TOPMEDIA – Kasus hukum yang melibatkan selebritas Ashanty dan mantan karyawannya, Ayu Chairun Nurisa, tengah menjadi sorotan publik.
Perselisihan ini bermula dari laporan Ashanty terhadap Ayu atas dugaan penggelapan dana perusahaan PT Hijau Hermansyah Indonesia senilai Rp 2 miliar, yang disebut berlangsung sejak 2023.
Tak tinggal diam, Ayu kemudian melaporkan balik Ashanty atas tuduhan perampasan aset pribadi dan akses ilegal terhadap perangkat elektronik miliknya.
Kronologi
Perwakilan manajemen Ashanty, Aris, mengungkap bahwa kecurigaan muncul pada 20 Mei 2025 setelah ditemukan saldo rekening perusahaan yang berkurang secara tidak wajar.
“Pada tanggal 21 Mei, setelah kami melakukan rapat pukul 9 malam, kami mempertanyakan hal itu. Akhirnya sekitar pukul 11 malam dia mengakui telah melakukan tindakan penggelapan terhadap perusahaan,” ujar Aris dalam konferensi pers.
Namun, Ayu Chairun Nurisa membantah tuduhan tersebut dan melaporkan Ashanty ke Polres Tangerang Selatan dan Polres Metro Jakarta Selatan.
Ia menuding Ashanty telah melakukan perampasan terhadap barang-barang pribadinya, termasuk ponsel, laptop, dompet, dan dokumen pribadi lainnya.
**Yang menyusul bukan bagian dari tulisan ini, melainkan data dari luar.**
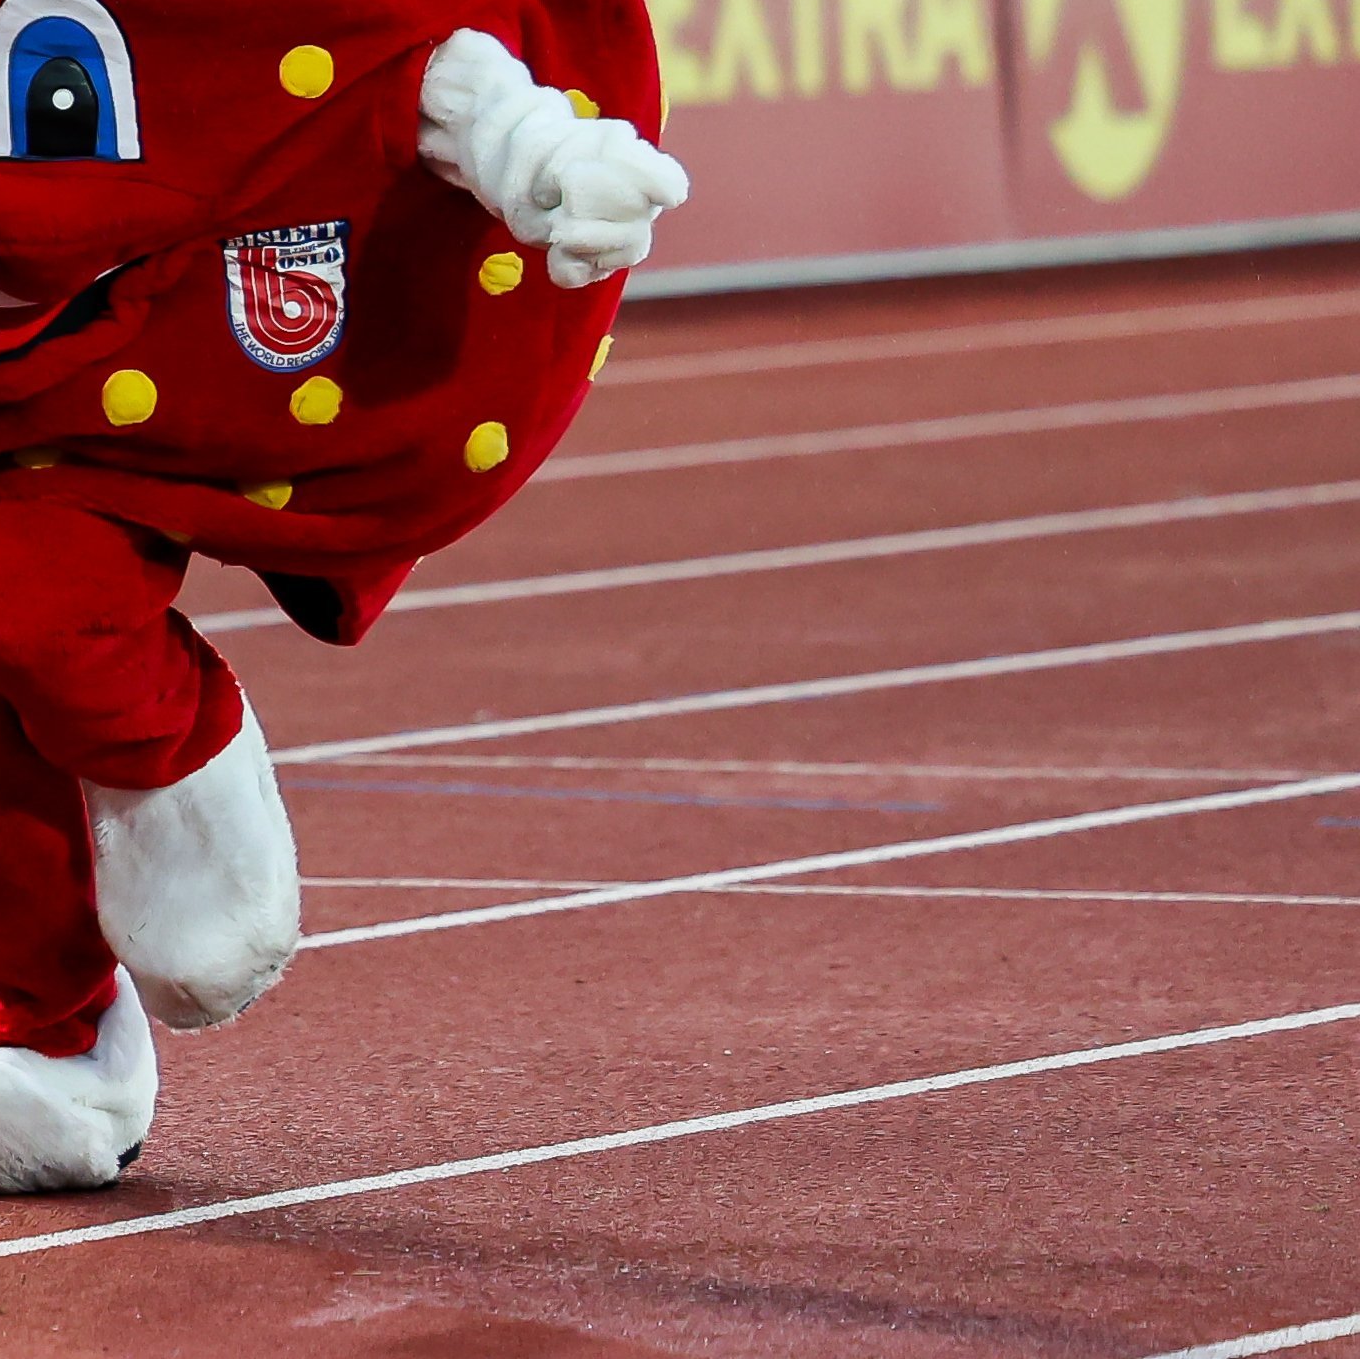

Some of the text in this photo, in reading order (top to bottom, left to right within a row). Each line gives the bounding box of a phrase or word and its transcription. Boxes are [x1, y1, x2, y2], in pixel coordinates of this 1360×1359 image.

Aspek Hukum dan Lemahnya Sistem Pengawasan
Kasus ini tidak hanya menyangkut persoalan finansial, tetapi juga mencerminkan lemahnya sistem pengawasan internal dalam bisnis yang dibangun atas dasar kepercayaan. Konflik semacam ini sering kali dipicu oleh:
– Akses keuangan yang terlalu bebas tanpa kontrol audit
– Prosedur pelaporan yang tidak konsisten
– Hubungan kerja yang bertumpu pada kepercayaan pribadi tanpa perjanjian tertulis
Jika tidak ditangani dengan sistem yang kuat, persoalan administratif dapat berkembang menjadi perkara pidana. Berikut beberapa pasal yang relevan:
– Pasal 372 KUHP: Penggelapan umum, pidana penjara maksimal 4 tahun
– Pasal 374 KUHP: Penggelapan dalam hubungan kerja, pidana maksimal 5 tahun
– Pasal 365 KUHP: Pencurian dengan kekerasan, pidana maksimal 12 tahun
– Pasal 368 KUHP: Pemerasan dan pengancaman, pidana maksimal 9 tahun
– Pasal 30 jo. Pasal 46 UU ITE: Akses ilegal ke sistem elektronik, pidana maksimal 7 tahun dan/atau denda Rp 700 juta
– Pasal 31 jo. Pasal 47 UU ITE: Penyadapan sistem elektronik, pidana maksimal 10 tahun dan/atau denda Rp 800 juta
Kasus Ashanty dan mantan karyawannya menjadi pengingat penting bahwa kepercayaan dalam bisnis harus dibarengi dengan sistem pengawasan yang ketat.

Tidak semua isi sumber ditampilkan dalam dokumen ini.